Look paw, I climbed a rock!
I woke Victor and the rest of the gang up around 5:30am the next morning so we could catch the chiva at 6:00. If we didn’t catch that one it could be 9, 10, or even 11 before the next one came along and I had a long way to go to get back home. The chiva finally came around 6:30 and we loaded up most of Victor’s belongings in great big garbage bags. Not very pretty, but it didn’t take us long to pack up all his stuff. From Penonome we took another bus to Capira and then took another bus to his new site, Monte Obscuro or “Dark Mountain”. We made small talk with his new host family and his new host mom showed us the house he would be moving into after a month or so. I really had to start making my way back to David (it’s a 7 hour trip from where I was) but when I mentioned that we had to get going, his host mom said the next bus wouldn’t be for another hour. So…we waited an hour and when the bus came it was full and the driver wouldn’t let us on. After that we tried to find a taxi, but no one seemed to know the number for one. There was nothing we could do but wait yet another hour for the next bus. 
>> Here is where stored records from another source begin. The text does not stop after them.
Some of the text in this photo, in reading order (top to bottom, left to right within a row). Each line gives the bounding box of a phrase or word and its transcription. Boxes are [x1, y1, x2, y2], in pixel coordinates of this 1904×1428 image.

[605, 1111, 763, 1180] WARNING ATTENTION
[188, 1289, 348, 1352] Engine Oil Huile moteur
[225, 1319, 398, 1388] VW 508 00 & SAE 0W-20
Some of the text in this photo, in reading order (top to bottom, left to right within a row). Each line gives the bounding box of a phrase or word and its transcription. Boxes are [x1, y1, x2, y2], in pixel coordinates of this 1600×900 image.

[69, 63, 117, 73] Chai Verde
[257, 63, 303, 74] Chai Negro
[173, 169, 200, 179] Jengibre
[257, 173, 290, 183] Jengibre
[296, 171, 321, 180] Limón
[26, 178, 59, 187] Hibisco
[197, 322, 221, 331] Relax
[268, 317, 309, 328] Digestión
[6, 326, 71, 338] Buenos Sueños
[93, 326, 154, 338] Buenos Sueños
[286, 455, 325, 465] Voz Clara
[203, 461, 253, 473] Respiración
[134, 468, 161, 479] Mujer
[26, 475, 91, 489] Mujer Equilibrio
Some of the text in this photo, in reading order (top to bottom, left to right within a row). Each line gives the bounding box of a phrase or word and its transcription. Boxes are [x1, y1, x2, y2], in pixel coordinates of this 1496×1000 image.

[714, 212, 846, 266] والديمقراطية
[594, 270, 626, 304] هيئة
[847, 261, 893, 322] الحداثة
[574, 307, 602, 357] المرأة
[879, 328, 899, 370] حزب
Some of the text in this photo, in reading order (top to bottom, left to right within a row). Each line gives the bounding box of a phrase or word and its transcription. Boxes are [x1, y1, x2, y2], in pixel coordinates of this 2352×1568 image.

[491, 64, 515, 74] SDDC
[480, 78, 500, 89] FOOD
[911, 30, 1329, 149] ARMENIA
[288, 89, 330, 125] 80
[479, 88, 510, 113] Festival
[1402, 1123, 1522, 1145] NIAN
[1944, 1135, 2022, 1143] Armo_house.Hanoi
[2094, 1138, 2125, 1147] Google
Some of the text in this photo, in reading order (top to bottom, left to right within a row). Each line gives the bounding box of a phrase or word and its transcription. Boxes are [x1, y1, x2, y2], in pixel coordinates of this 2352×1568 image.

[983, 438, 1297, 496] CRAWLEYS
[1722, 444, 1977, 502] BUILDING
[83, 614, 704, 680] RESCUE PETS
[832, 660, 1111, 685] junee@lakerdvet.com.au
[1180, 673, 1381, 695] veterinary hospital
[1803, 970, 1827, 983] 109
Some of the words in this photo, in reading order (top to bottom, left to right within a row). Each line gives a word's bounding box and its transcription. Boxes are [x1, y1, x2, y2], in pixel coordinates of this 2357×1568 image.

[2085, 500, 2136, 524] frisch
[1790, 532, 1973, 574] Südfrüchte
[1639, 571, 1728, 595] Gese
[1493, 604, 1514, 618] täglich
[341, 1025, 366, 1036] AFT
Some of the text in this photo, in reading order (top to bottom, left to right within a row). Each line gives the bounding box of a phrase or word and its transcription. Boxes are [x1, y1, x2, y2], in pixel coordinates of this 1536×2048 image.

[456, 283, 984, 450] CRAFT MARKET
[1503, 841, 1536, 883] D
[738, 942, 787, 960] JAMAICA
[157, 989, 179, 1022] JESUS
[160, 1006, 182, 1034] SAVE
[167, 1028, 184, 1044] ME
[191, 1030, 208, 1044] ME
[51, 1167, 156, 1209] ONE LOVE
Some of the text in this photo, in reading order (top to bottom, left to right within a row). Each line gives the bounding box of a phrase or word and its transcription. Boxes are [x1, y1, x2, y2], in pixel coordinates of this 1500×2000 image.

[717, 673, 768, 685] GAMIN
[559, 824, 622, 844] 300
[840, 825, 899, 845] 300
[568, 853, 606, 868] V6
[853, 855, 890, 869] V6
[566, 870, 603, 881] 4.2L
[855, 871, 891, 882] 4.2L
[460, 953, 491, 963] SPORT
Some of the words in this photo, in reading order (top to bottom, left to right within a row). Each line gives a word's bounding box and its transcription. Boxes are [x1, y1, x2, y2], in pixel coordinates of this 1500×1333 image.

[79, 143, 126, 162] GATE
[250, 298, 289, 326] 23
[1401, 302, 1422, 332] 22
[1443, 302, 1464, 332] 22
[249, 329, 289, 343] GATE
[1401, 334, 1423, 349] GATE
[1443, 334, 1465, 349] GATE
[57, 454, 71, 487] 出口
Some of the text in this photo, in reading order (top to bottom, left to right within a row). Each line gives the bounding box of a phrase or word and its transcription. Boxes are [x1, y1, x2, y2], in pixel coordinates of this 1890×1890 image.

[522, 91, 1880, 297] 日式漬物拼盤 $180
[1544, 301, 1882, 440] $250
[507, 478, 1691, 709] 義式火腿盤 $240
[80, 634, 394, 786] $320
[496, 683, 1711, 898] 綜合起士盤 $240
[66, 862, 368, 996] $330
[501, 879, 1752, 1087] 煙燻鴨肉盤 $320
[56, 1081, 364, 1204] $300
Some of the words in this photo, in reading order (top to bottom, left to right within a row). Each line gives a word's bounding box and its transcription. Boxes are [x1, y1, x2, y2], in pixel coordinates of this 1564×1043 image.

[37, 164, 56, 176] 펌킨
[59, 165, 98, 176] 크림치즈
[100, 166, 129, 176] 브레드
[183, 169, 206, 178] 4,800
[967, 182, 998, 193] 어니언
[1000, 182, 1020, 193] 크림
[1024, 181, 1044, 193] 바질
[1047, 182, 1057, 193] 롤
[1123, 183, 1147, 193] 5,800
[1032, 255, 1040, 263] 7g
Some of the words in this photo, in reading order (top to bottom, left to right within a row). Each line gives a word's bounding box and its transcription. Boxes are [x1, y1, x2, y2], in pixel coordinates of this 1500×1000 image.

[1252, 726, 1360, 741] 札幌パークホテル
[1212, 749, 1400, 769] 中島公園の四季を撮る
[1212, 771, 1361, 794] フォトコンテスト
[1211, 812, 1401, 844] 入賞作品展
I jumped off the rock and lived! Yay life!
We took the bus from Monte Obscuro to Capira, then another bus from Capira to Penonome (where we both had to stand, staring at the floor because Victor and I are both over six feet tall and the ceiling of the bus is only five feet tall – yes, it was very comfortable…. Victor stayed in Penonome and I hopped another bus to Santiago. From Santiago I caught another bus to David. I wasn’t able to get a big bus in Santiago, which is definitely more comfortable, because they were all full. I was extremely lucky though because one guy told me he had been waiting for three hours and couldn’t find a ride to David. As soon as I stepped off the bus in Santiago, some guy yelled at me “Hey, you going to David?” I was a little leery about following him to a small van parked at the side of a store, but after talking to the rest of the people inside I knew it would be fine. Actually, we didn’t make any stops and the driver flew like hell so we made it into David in record time. It was about 9pm when we pulled into David and I had been traveling since 6am. I grabbed some cheap fonda food (a fonda’s just a cheap dive restaurant) and headed to the hotel T for a good night’s rest.
What a bunch of nerds.

Who needs a land line when there's a pay phone right in town? This is also a very important historical site. It's the very first pay phone in Latin America that Clark Kent used to change into his Superman spandex outfit. Seriously, you can google it.

The Boys Are Back in Town

The next morning I got to the terminal and because of the time, I didn’t know if the bus I was boarding was getting ready to leave or had just pulled. It was weird when he answered “We’re leaving as soon as we’re full.” The busses in Panama are generally one of the few things you can depend on to have a regular schedule. As the bus filled up with indigenous Ngobe I quickly realized that coffee harvest season had begun. Every year starting around mid September, hundreds, maybe even thousands, of Ngobe leave the Comarca and head to coffee farms all over Panama, including the Chiriquí highlands and Costa Rica. The harvest season lasts through mid January and for many of them it’s the only source of income they see all year. It is hard, difficult, manual labor that pays exactly diddly squat. They get two dollars for every bag they fill with coffee beans and the bags are about five feet tall. It would probably take me two days to fill one of them. But if they got paid a decent wage, I’m guessing the world would stop drinking coffee because it would be too expensive. (Yes, I realize that last statement seems like a direct jab at capitalism from someone who is a firm believer in a fair market system)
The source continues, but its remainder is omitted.